EXERCISE →
Your task is to retype every entry exactly while omitting the pictures.

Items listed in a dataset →
╭──
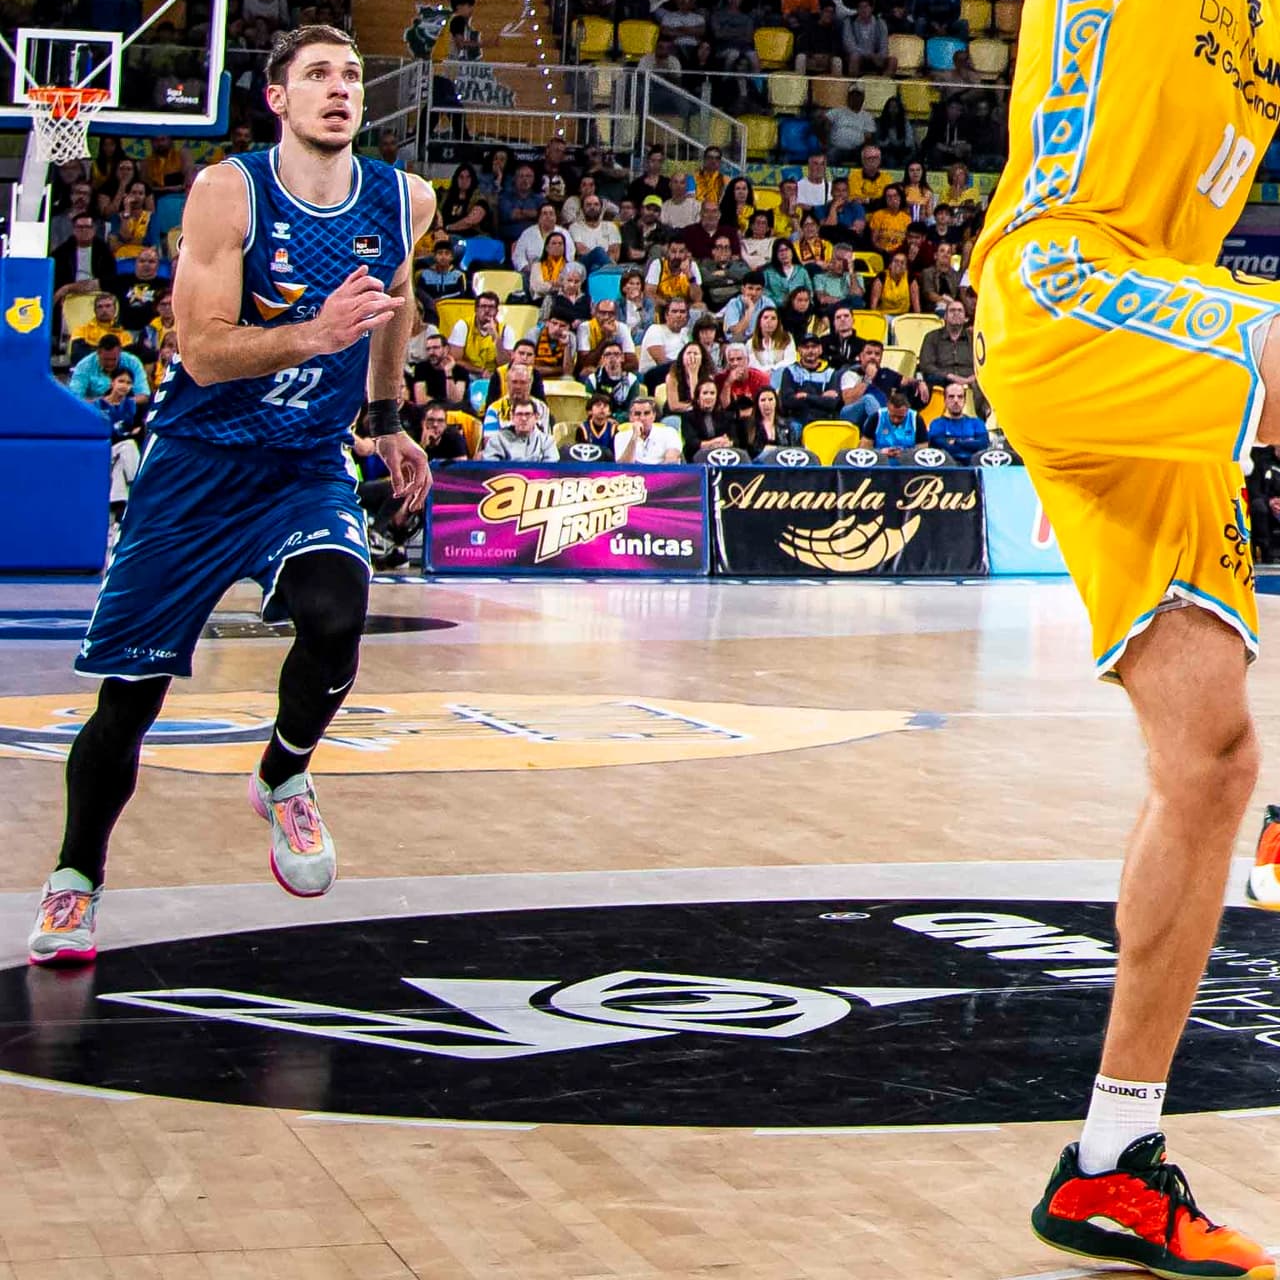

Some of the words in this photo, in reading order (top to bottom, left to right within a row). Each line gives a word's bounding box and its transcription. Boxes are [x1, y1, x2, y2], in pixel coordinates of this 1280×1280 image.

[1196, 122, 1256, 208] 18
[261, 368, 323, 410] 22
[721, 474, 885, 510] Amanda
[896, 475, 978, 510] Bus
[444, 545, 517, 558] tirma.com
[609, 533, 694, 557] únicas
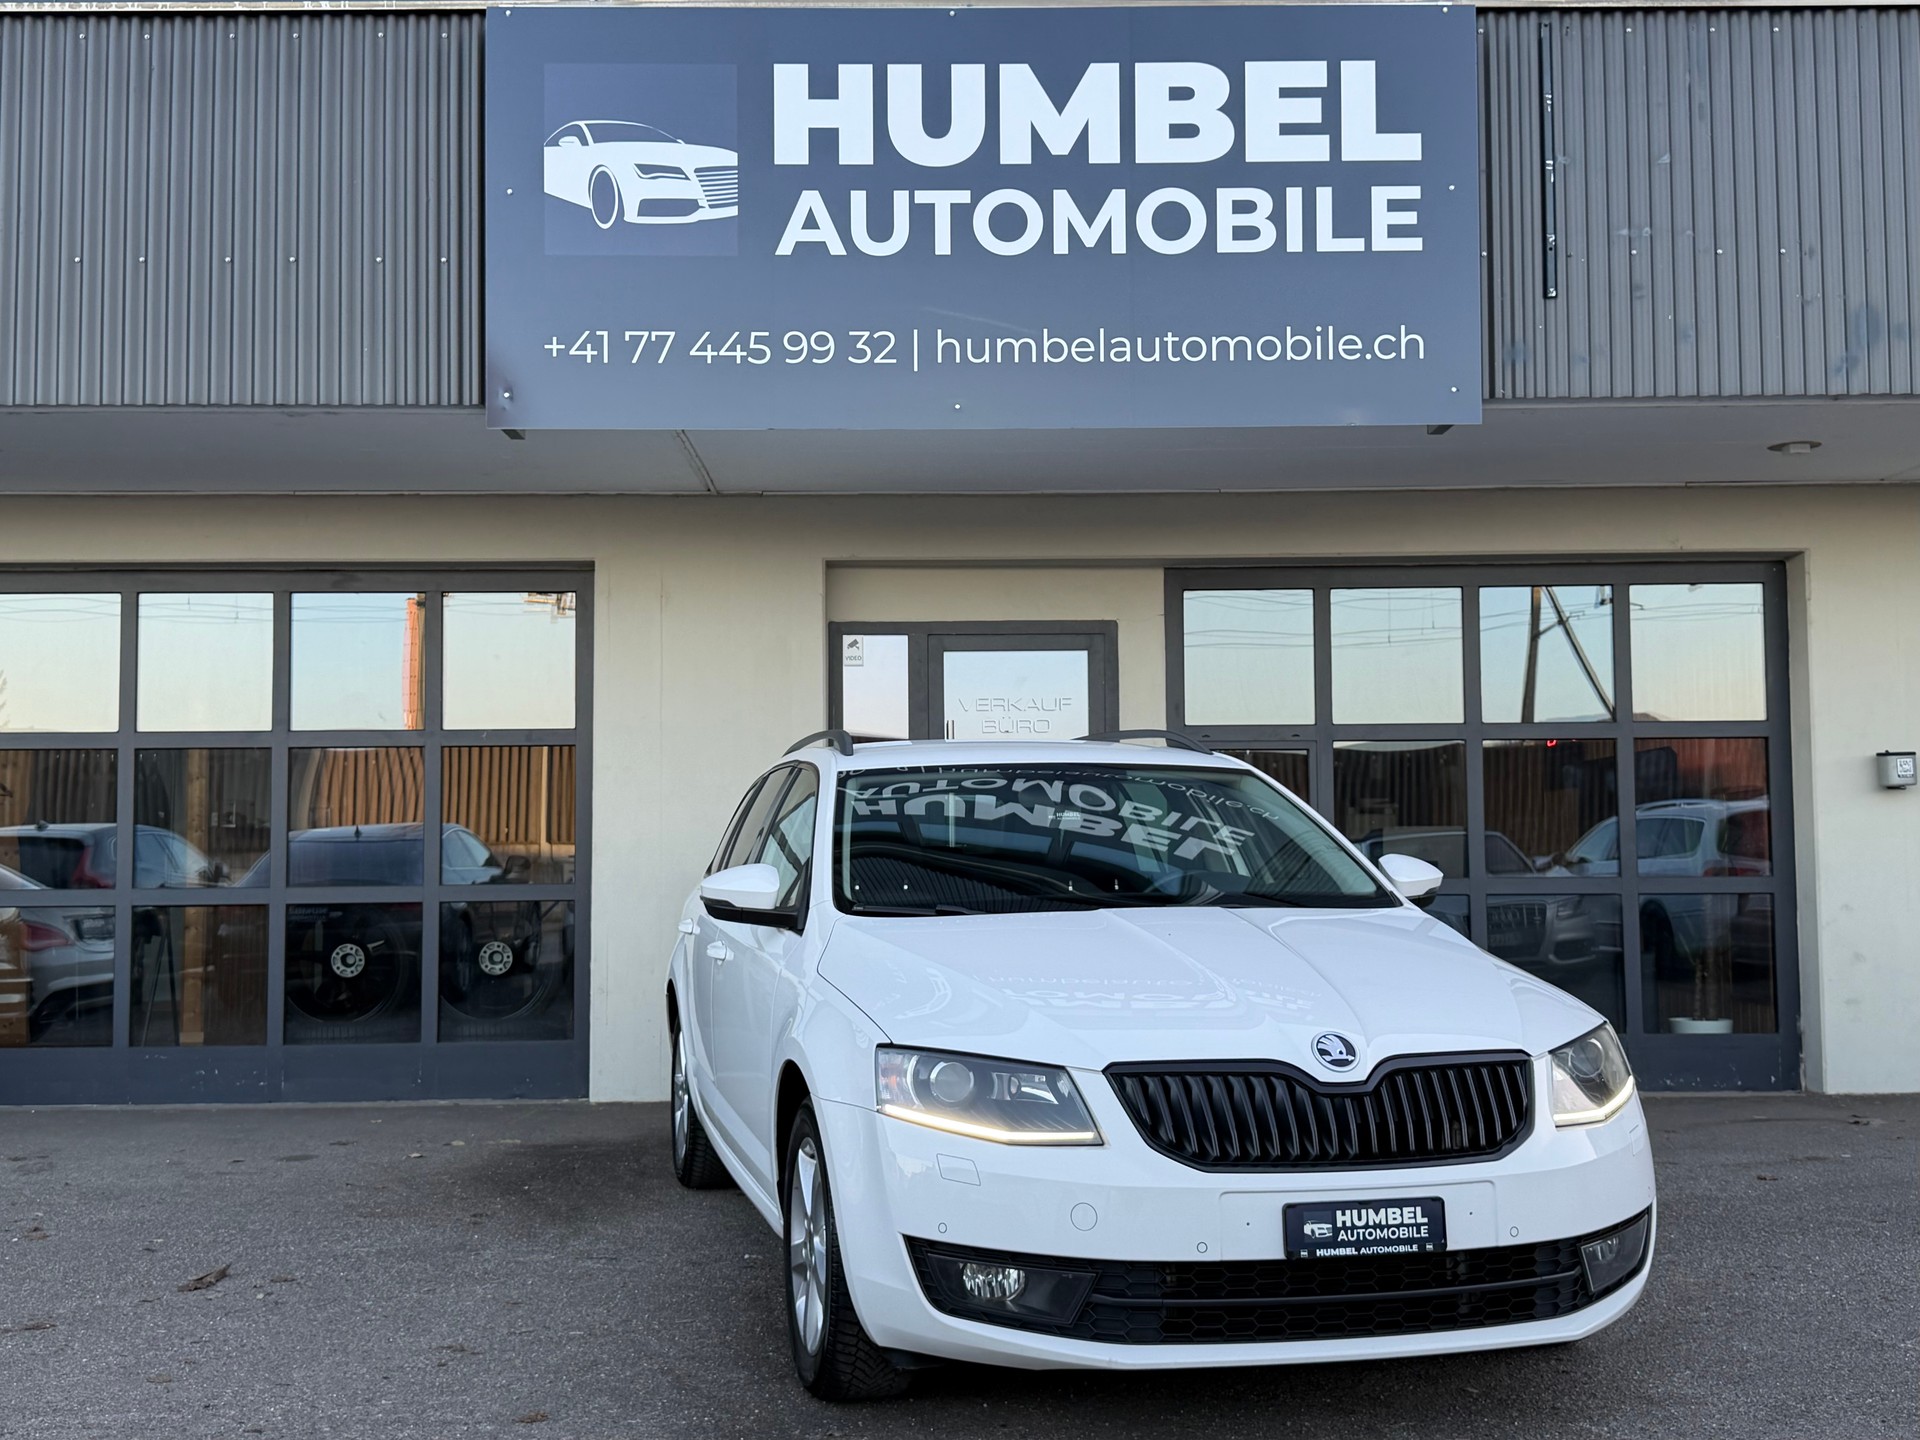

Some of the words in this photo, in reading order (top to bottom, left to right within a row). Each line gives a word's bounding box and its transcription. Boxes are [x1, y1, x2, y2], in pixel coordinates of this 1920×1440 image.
╰──
OUTPUT OF THE TASK →
Some of the words in this photo, in reading order (top to bottom, left to right within a row). Each line gives a word's bounding box and its transcription. Boxes are [x1, y1, x2, y2], in pixel coordinates of this 1280×1280 image.

[1196, 122, 1256, 208] 18
[261, 368, 323, 410] 22
[721, 474, 885, 510] Amanda
[896, 475, 978, 510] Bus
[444, 545, 517, 558] tirma.com
[609, 533, 694, 557] únicas

Some of the words in this photo, in reading order (top to bottom, left to right within a row). Each line gives a word's bounding box and its transcription. Boxes are [x1, y1, x2, y2], in pixel coordinates of this 1920×1440 image.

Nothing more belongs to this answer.